• [Problem description] Give the data back exactly as it stands.
══ Provided entries
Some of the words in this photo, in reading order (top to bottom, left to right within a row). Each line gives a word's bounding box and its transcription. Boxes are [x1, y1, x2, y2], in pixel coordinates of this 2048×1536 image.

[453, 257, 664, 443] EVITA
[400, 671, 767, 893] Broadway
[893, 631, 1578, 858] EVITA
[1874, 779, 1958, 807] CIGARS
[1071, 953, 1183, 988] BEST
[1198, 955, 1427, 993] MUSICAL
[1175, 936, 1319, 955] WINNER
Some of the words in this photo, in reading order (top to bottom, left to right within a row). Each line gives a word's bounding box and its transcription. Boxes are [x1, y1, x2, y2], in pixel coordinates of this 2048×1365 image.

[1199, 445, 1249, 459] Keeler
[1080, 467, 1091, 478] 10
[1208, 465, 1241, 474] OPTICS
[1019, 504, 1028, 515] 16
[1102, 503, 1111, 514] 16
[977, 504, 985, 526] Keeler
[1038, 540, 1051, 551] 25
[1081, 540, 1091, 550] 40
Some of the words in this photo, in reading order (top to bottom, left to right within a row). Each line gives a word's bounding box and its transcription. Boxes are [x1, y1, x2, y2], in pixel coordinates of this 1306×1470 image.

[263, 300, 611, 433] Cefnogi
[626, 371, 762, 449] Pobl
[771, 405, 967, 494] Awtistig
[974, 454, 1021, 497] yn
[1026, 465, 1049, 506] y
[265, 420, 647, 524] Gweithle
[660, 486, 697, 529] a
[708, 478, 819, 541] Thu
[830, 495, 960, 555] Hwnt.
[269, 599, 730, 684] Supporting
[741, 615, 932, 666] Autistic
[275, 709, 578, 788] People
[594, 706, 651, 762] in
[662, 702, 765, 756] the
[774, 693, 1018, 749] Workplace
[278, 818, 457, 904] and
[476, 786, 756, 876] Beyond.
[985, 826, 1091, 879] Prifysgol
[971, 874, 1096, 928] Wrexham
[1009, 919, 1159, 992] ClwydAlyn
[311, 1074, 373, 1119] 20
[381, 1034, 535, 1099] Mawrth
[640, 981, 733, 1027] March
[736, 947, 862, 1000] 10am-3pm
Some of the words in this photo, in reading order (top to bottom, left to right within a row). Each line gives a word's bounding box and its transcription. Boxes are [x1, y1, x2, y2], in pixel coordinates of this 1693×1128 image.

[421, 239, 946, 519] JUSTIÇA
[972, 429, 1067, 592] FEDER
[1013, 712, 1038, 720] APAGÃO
════
• [Solution to the problem]
Some of the words in this photo, in reading order (top to bottom, left to right within a row). Each line gives a word's bounding box and its transcription. Boxes are [x1, y1, x2, y2], in pixel coordinates of this 2048×1536 image.

[453, 257, 664, 443] EVITA
[400, 671, 767, 893] Broadway
[893, 631, 1578, 858] EVITA
[1874, 779, 1958, 807] CIGARS
[1071, 953, 1183, 988] BEST
[1198, 955, 1427, 993] MUSICAL
[1175, 936, 1319, 955] WINNER
Some of the words in this photo, in reading order (top to bottom, left to right within a row). Each line gives a word's bounding box and its transcription. Boxes are [x1, y1, x2, y2], in pixel coordinates of this 2048×1365 image.

[1199, 445, 1249, 459] Keeler
[1080, 467, 1091, 478] 10
[1208, 465, 1241, 474] OPTICS
[1019, 504, 1028, 515] 16
[1102, 503, 1111, 514] 16
[977, 504, 985, 526] Keeler
[1038, 540, 1051, 551] 25
[1081, 540, 1091, 550] 40
Some of the words in this photo, in reading order (top to bottom, left to right within a row). Each line gives a word's bounding box and its transcription. Boxes are [x1, y1, x2, y2], in pixel coordinates of this 1306×1470 image.

[263, 300, 611, 433] Cefnogi
[626, 371, 762, 449] Pobl
[771, 405, 967, 494] Awtistig
[974, 454, 1021, 497] yn
[1026, 465, 1049, 506] y
[265, 420, 647, 524] Gweithle
[660, 486, 697, 529] a
[708, 478, 819, 541] Thu
[830, 495, 960, 555] Hwnt.
[269, 599, 730, 684] Supporting
[741, 615, 932, 666] Autistic
[275, 709, 578, 788] People
[594, 706, 651, 762] in
[662, 702, 765, 756] the
[774, 693, 1018, 749] Workplace
[278, 818, 457, 904] and
[476, 786, 756, 876] Beyond.
[985, 826, 1091, 879] Prifysgol
[971, 874, 1096, 928] Wrexham
[1009, 919, 1159, 992] ClwydAlyn
[311, 1074, 373, 1119] 20
[381, 1034, 535, 1099] Mawrth
[640, 981, 733, 1027] March
[736, 947, 862, 1000] 10am-3pm
Some of the words in this photo, in reading order (top to bottom, left to right within a row). Each line gives a word's bounding box and its transcription. Boxes are [x1, y1, x2, y2], in pixel coordinates of this 1693×1128 image.

[421, 239, 946, 519] JUSTIÇA
[972, 429, 1067, 592] FEDER
[1013, 712, 1038, 720] APAGÃO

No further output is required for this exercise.